The simple arrangement of black and white lines that revolutionized shopping decades ago has done it again. To celebrate the barcode’s 60th birthday, The NY Times wrote an article examining its history and exploring new innovations from advancements utilizing mobile technology to the introduction of its rival, QR codes. So what does all this mean for consumers? Today, it’s not just the cashier at the grocery store who has the ability to scan and receive information from a barcode. Anyone with a smart phone can scan QR codes to gain product information, enter contests and even instantly purchase an item from a magazine. They can also use apps such as GoodGuide to scan the barcode on any product and quickly learn about its ethical, health and environmental attributes.
The recently acquired function of the barcode being a mobile source of information empowers the shopper to make better, more informed decisions. It allows them to cut through false marketing claims and instantly get to the bottom line. So now what happens to brands relying on greenwashing techniques to boost sales? Is there any purpose of using carefully crafted language, listing certifications, or sticking trees on the packaging if consumers can find out the true characteristics by simply pressing a button?
For one thing, this could lead to the practice of plastering eco-labels on packaging to become obsolete, and for only certifications with meaningful standards to remain. Consumers are so inundated with eco-labels these days that they begin to ignore them entirely. The average shopper probably won’t know the difference between the Forest Stewardship Council versus the Sustainable Forest Initiative when purchasing paper at the office store. It’s not that they don’t care about whether the certification actually holds proper standards, but it takes too much time and energy to understand what really matters.
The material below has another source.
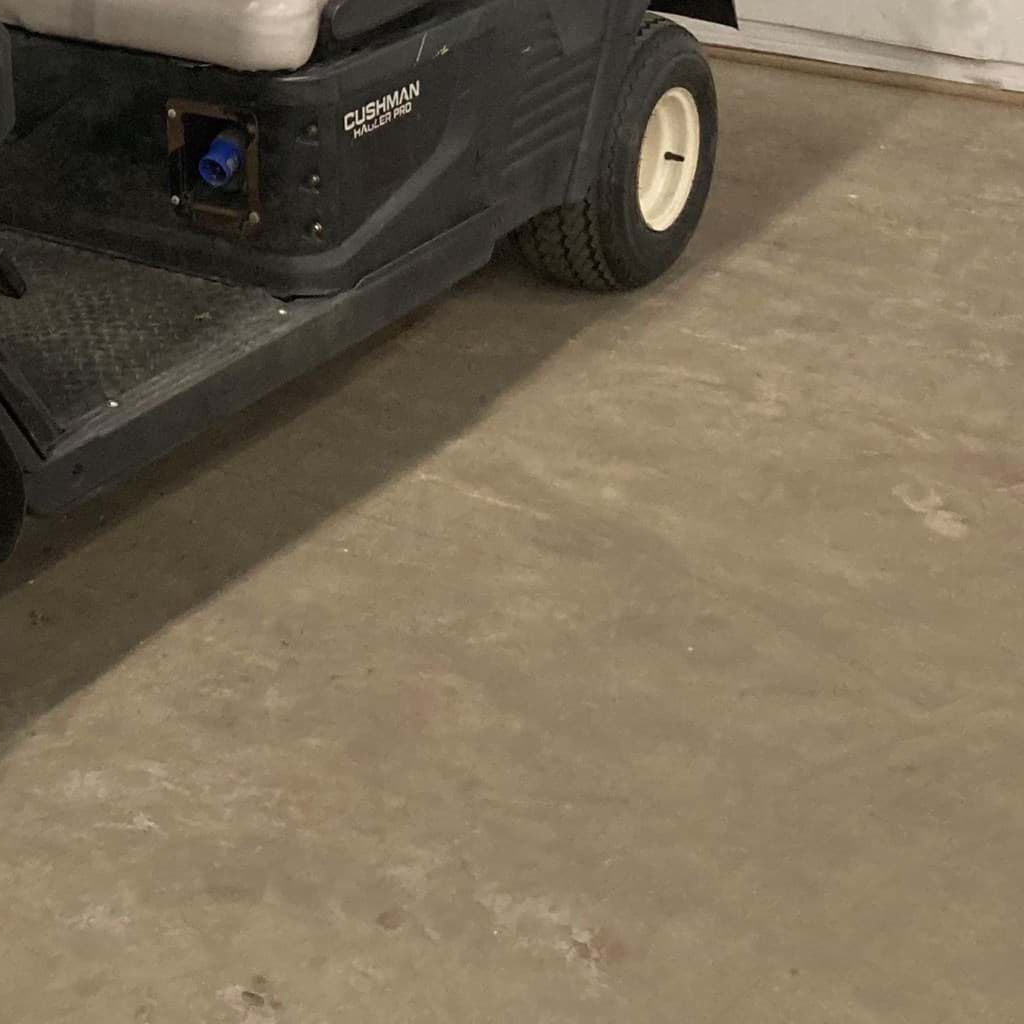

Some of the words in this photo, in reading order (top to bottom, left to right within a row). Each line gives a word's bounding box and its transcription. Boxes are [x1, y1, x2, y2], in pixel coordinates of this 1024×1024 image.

[344, 80, 420, 131] CUSHMAN
[353, 112, 392, 139] HAULER
[393, 101, 412, 119] PRO
With apps like GoodGuide the most relevant information (including certifications) is collected about each product, so all the labels and marketing claims on packaging become meaningless. Companies will be forced to be more transparent as consumers can instantly discover if the product is actually “healthy” or if a company really does care about treating its workers fairly. There’s only so much that can fit on a label, but with these new technologies consumers can find nearly anything they want.